Exercise requirements:
Find the string "OLIVO" in the records. Copy each line that has it.

------ Provided data

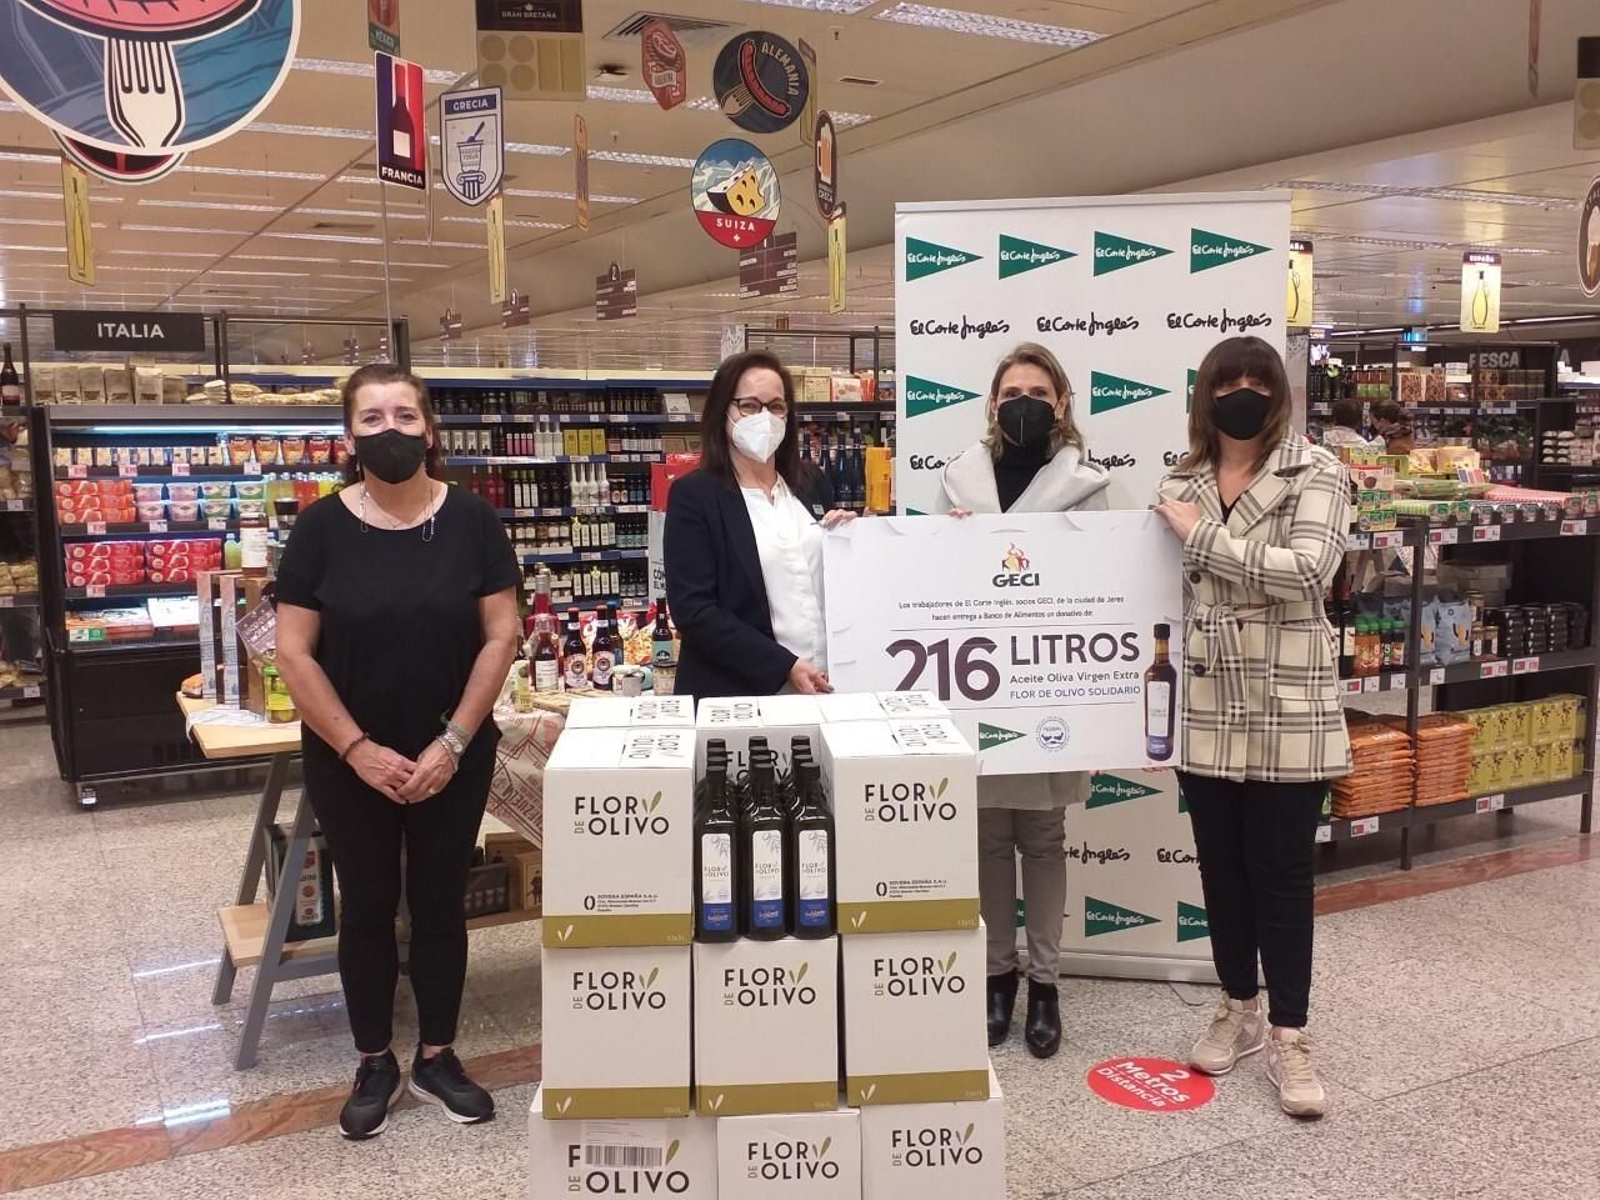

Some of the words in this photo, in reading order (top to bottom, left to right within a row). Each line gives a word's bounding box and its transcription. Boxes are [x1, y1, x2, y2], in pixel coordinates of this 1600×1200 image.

[761, 41, 799, 96] ALEMANIA
[453, 98, 489, 111] GRECIA
[381, 165, 424, 187] FRANCIA
[716, 217, 756, 232] SUIZA
[1001, 250, 1009, 261] El
[1009, 251, 1030, 261] Corte
[1030, 248, 1060, 263] Inglés
[1096, 248, 1105, 257] El
[1105, 249, 1126, 257] Corte
[1126, 245, 1156, 260] Inglés
[1192, 245, 1201, 255] El
[1202, 246, 1223, 255] Corte
[1223, 242, 1255, 257] Inglés
[1290, 241, 1304, 251] AÑA
[907, 252, 916, 263] El
[916, 253, 937, 263] Corte
[937, 251, 966, 266] Inglés
[97, 323, 165, 338] ITALIA
[910, 320, 925, 335] El
[925, 320, 959, 335] Corte
[960, 315, 1010, 340] Inglés
[1037, 316, 1051, 332] El
[1052, 317, 1086, 332] Corte
[1089, 312, 1139, 336] Inglés
[1167, 313, 1182, 329] El
[1183, 313, 1218, 328] Corte
[1220, 309, 1272, 333] Inglés
[907, 390, 916, 400] El
[916, 391, 935, 400] Corte
[935, 388, 965, 403] Inglés
[1092, 387, 1101, 396] El
[1101, 387, 1122, 396] Corte
[1122, 384, 1152, 400] Inglés
[910, 455, 924, 470] El
[992, 573, 1040, 588] GECI
[912, 600, 952, 610] trabajadores
[973, 599, 992, 607] Corte
[1074, 596, 1095, 604] ciudad
[932, 613, 951, 621] hacen
[953, 613, 977, 622] entrega
[984, 612, 1003, 620] Banco
[1014, 610, 1045, 618] Alimentos
[1011, 632, 1140, 666] LITROS
[885, 637, 1001, 701] 216
[1010, 674, 1044, 684] Aceite
[1047, 673, 1074, 683] Oliva
[1077, 672, 1110, 682] Virgen
[1113, 671, 1140, 680] Extra
[1010, 689, 1036, 699] FLOR
[1038, 689, 1052, 698] DE
[1054, 688, 1086, 698] OLIVO
[1088, 685, 1141, 697] SOLIDARIO
[865, 783, 925, 802] FLOR
[1096, 784, 1116, 794] Corte
[1116, 782, 1146, 797] Inglés
[575, 796, 638, 815] FLOR
[865, 808, 875, 821] DE
[878, 803, 957, 822] OLIVO
[574, 820, 585, 834] DE
[588, 816, 669, 836] OLIVO
[1081, 841, 1130, 864] Inglés
[1157, 848, 1172, 863] El
[1086, 911, 1095, 921] El
[1095, 911, 1115, 922] Corte
[1115, 911, 1145, 925] Inglés
[1179, 917, 1187, 926] El
[874, 957, 934, 977] FLOR
[573, 972, 635, 991] FLOR
[725, 968, 785, 987] FLOR
[875, 983, 884, 996] DE
[888, 976, 965, 997] OLIVO
[573, 997, 583, 1009] DE
[587, 991, 666, 1011] OLIVO
[724, 993, 735, 1006] DE
[738, 987, 816, 1007] OLIVO
[1116, 1061, 1190, 1102] Metros
[1160, 1069, 1191, 1082] 2
[1097, 1067, 1166, 1107] Distancia
[892, 1129, 951, 1147] FLOR
[748, 1141, 808, 1160] FLOR
[892, 1152, 902, 1166] DE
[905, 1147, 983, 1167] OLIVO
[748, 1166, 758, 1179] DE
[761, 1161, 839, 1180] OLIVO
[568, 1176, 581, 1192] DE
[586, 1171, 690, 1194] OLIVO
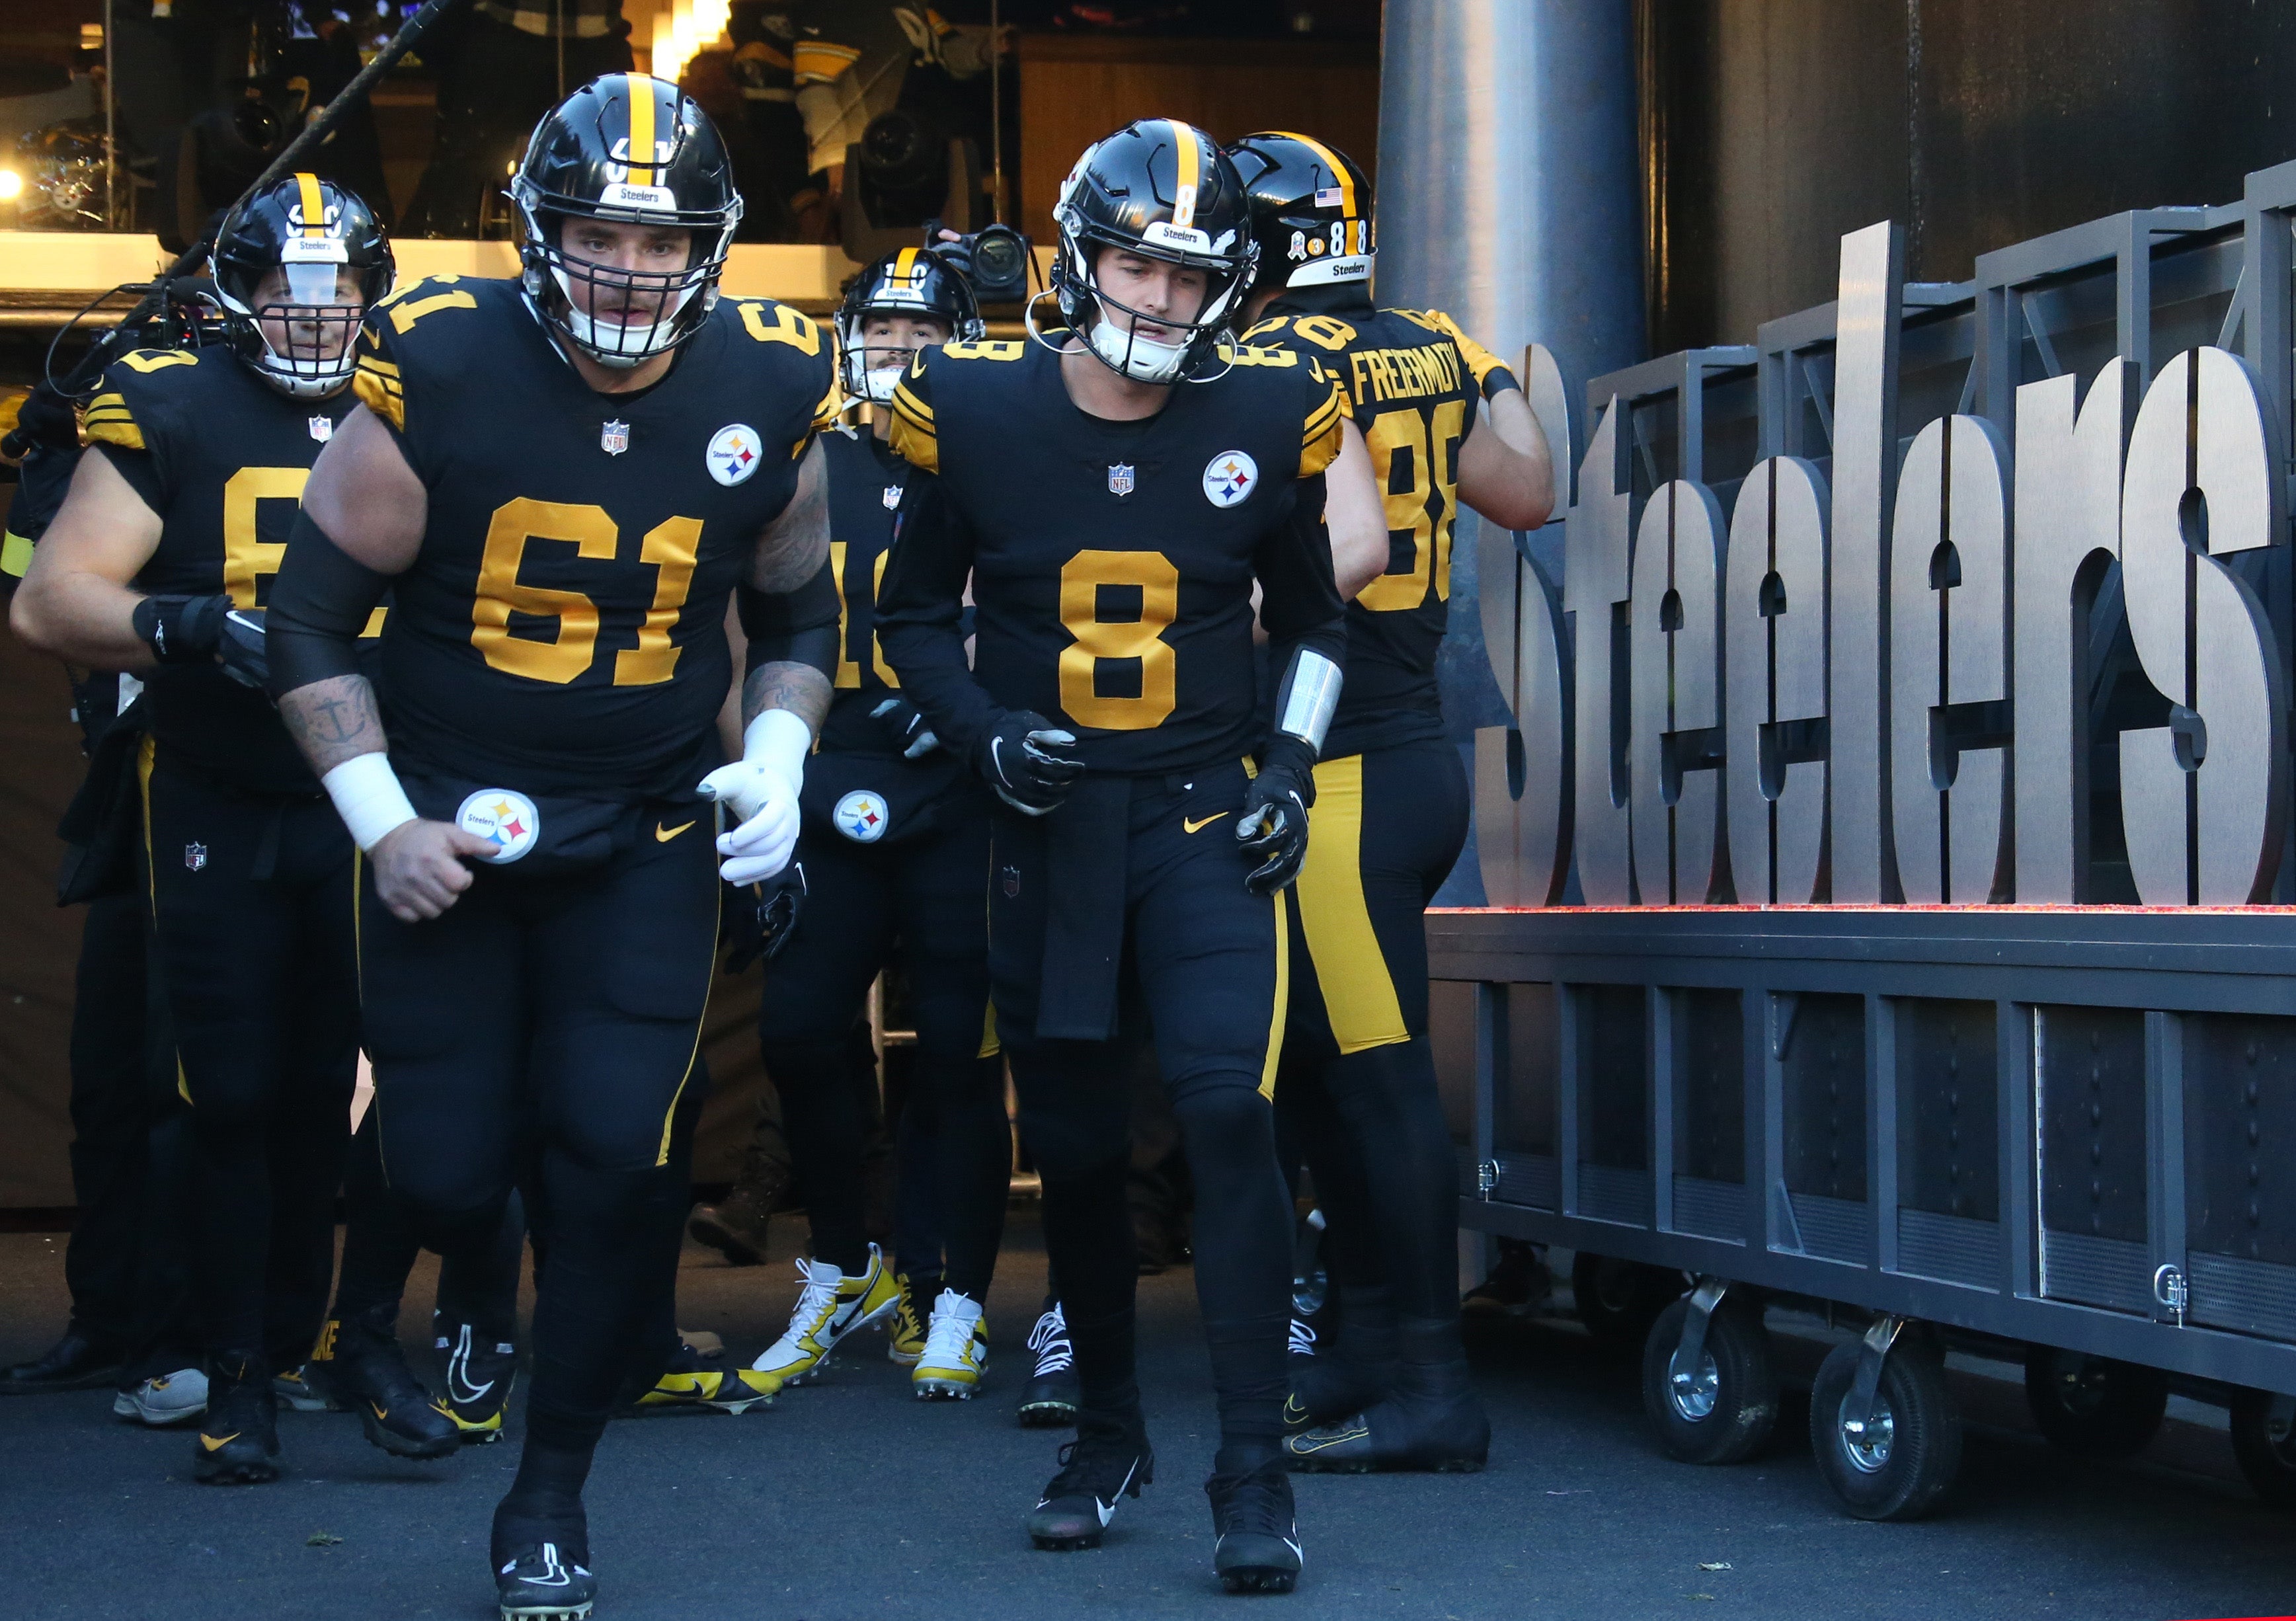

------------

Response to the task:
[1054, 688, 1086, 698] OLIVO
[878, 803, 957, 822] OLIVO
[588, 816, 669, 836] OLIVO
[888, 976, 965, 997] OLIVO
[587, 991, 666, 1011] OLIVO
[738, 987, 816, 1007] OLIVO
[905, 1147, 983, 1167] OLIVO
[761, 1161, 839, 1180] OLIVO
[586, 1171, 690, 1194] OLIVO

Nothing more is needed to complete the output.